Negeri Pesulap Angka: Realitas dan Kepentingan

Samuel Silaen Kritik Pertumbuhan Ekonomi Indonesia Tahun 2026

Menyusul angka pertumbuhan ekonomi Indonesia sebesar 5,61 persen pada kuartal pertama tahun 2026, pengamat politik Samuel F. Silaen menyatakan kritik pedas terhadap capaian tersebut. Menurutnya, angka tersebut tidak menggambarkan kondisi sebenarnya di lapangan dan berpotensi menyesatkan publik.

Angka ‘Disulap’ dan Tidak Realistis

Samuel Silaen berpendapat bahwa angka pertumbuhan 5,61 persen seakan-akan merupakan ilusi semata. Dia menyatakan bahwa kondisi ekonomi saat ini jauh dari normal dan Indonesia menghadapi risiko serius dalam peralihan menuju potensi krisis yang mengkhawatirkan.

Penilaian Ulang terhadap Risiko Indonesia

Silaen menyoroti sejumlah indikator pasar yang menurutnya tidak sejalan dengan klaim pertumbuhan yang diumumkan, seperti pelemahan nilai tukar rupiah, peningkatan credit default swap (CDS), dan yield obligasi negara. Menurutnya, semua ini bukan tanda ekonomi yang sehat dan pasar sedang secara perlahan menunjukkan ketidakpercayaan pada Indonesia.

Menurut Silaen, Bank Indonesia dan pemerintah dihadapkan pada dilema besar terkait kebijakan suku bunga dan subsidi. Kedua lembaga harus mempertimbangkan risiko jangka pendek dan jangka panjang dalam membuat keputusan yang berpotensi memiliki dampak signifikan pada ekonomi dan kesejahteraan masyarakat.

Pentingnya Distribusi yang Merata

Silaen juga menyoroti ketimpangan distribusi ekonomi yang semakin membesar.
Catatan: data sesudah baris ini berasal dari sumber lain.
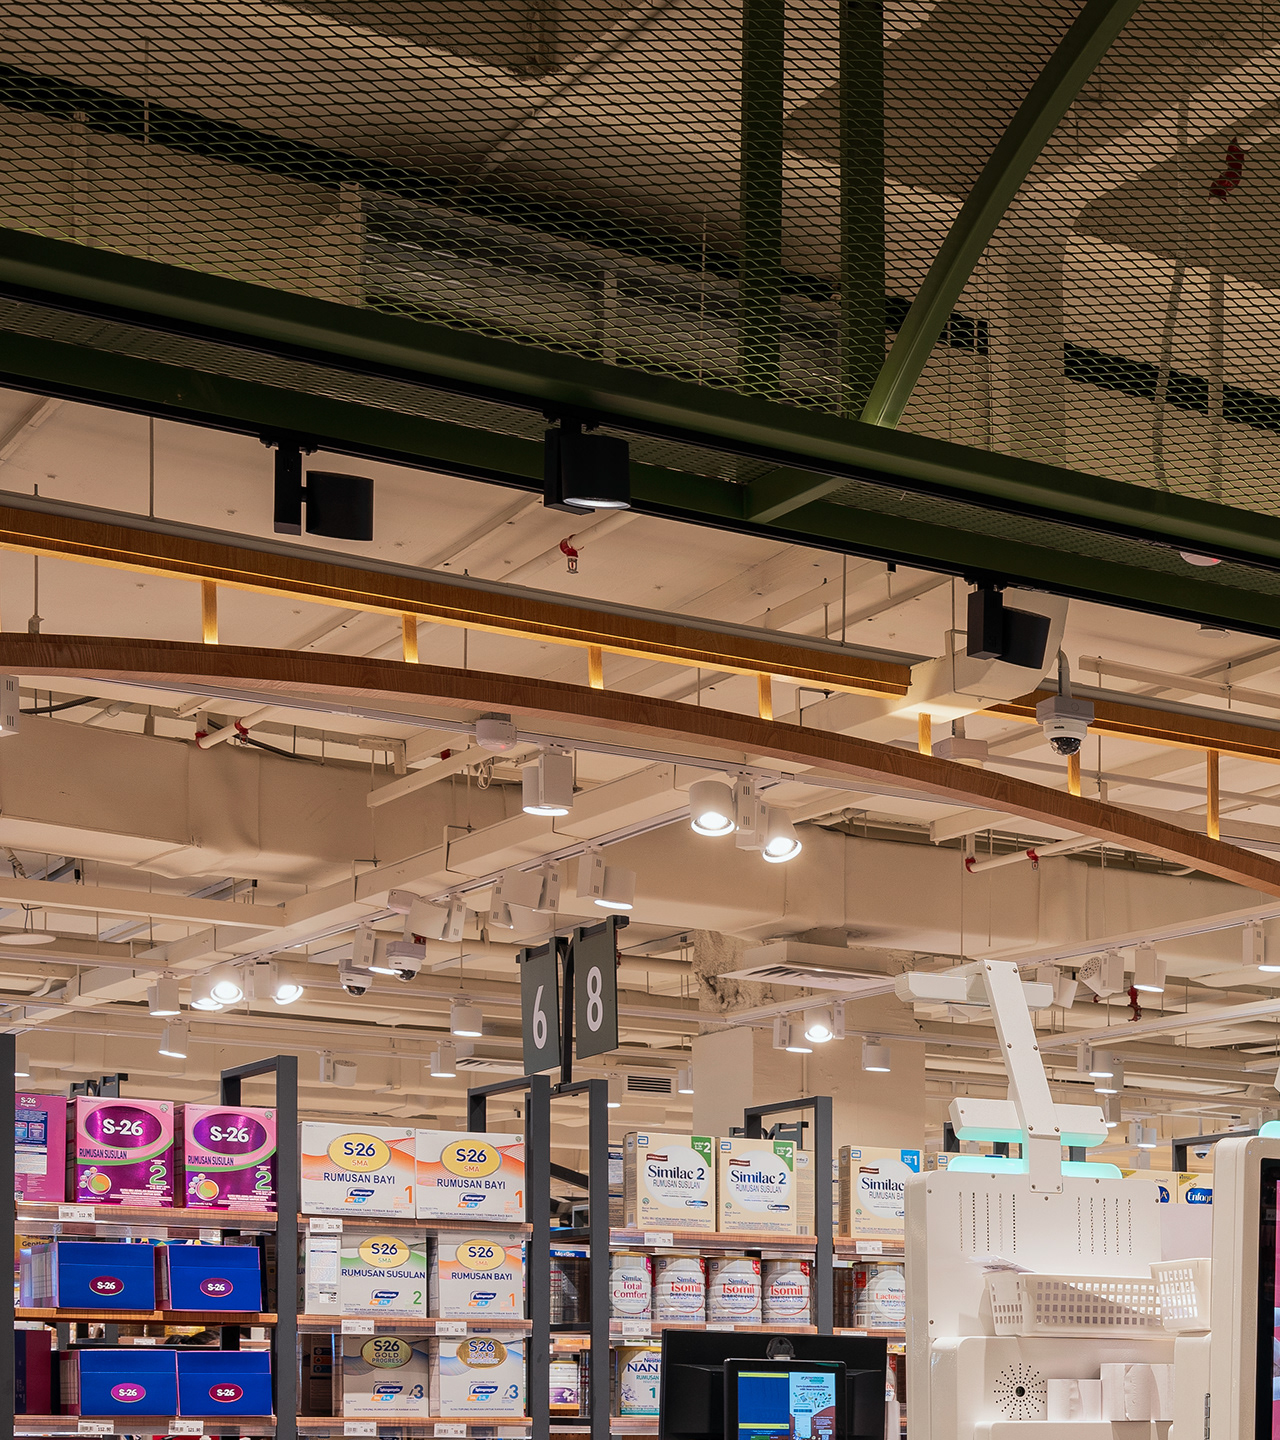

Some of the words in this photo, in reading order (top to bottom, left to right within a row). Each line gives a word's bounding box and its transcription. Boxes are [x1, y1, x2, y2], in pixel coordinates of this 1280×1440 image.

[587, 966, 603, 1032] 8
[533, 985, 547, 1049] 6
[344, 1142, 375, 1156] S-26
[456, 1149, 487, 1163] S-26
[352, 1159, 368, 1167] SMA
[150, 1165, 166, 1185] 2
[324, 1172, 370, 1183] RUMUSAN
[374, 1174, 395, 1184] BAYI
[648, 1165, 693, 1179] Similac
[697, 1168, 704, 1180] 2
[731, 1170, 775, 1184] Similac
[779, 1173, 786, 1184] 2
[256, 1171, 271, 1190] 2
[437, 1178, 481, 1188] RUMUSAN
[485, 1180, 505, 1189] BAYI
[869, 1191, 895, 1200] RUMUSAN
[342, 1269, 384, 1278] RUMUSAN
[387, 1270, 425, 1279] SUSULAN
[622, 1281, 642, 1289] Total
[722, 1284, 754, 1293] Isomil
[614, 1290, 647, 1298] Comfort
[627, 1364, 658, 1372] NAN
[650, 1387, 656, 1398] 1
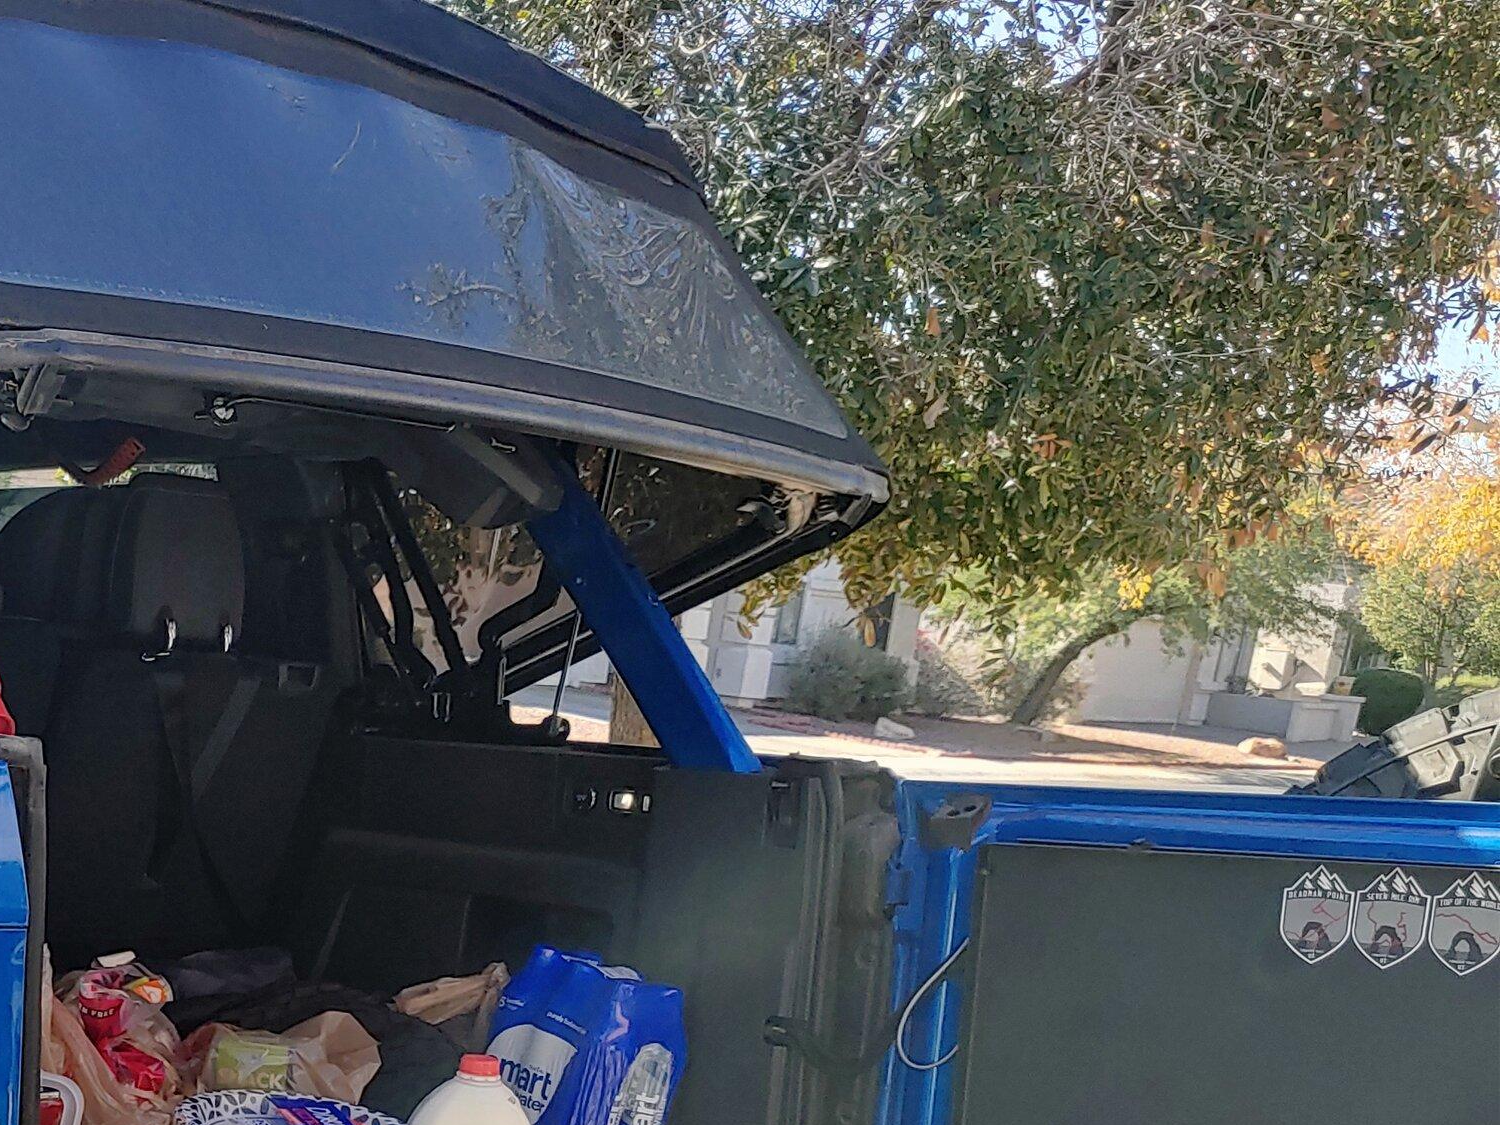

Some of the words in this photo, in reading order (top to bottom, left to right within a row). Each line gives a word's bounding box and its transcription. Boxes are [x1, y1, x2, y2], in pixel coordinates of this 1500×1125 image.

Sementara konsumsi domestik masih dipegang oleh kelompok menengah atas, sektor padat karya dan masyarakat bawah mulai tertekan. Hal ini, menurutnya, bisa membawa potensi krisis sosial jika tidak segera ditangani dengan baik.

Indikasi Riil dari Kondisi Ekonomi

Menurut Samuel Silaen, indikator paling jujur dari kondisi ekonomi adalah ketahanan masyarakat sehari-hari. Banyak orang mulai merasakan kesulitan ekonomi, dengan tabungan yang menipis dan terpaksa hidup dari simpanan. Fenomena “rombongan jarang beli” dan “hanya tanya-tanya” di pusat perbelanjaan menjadi gambaran nyata dari situasi ekonomi yang tidak stabil.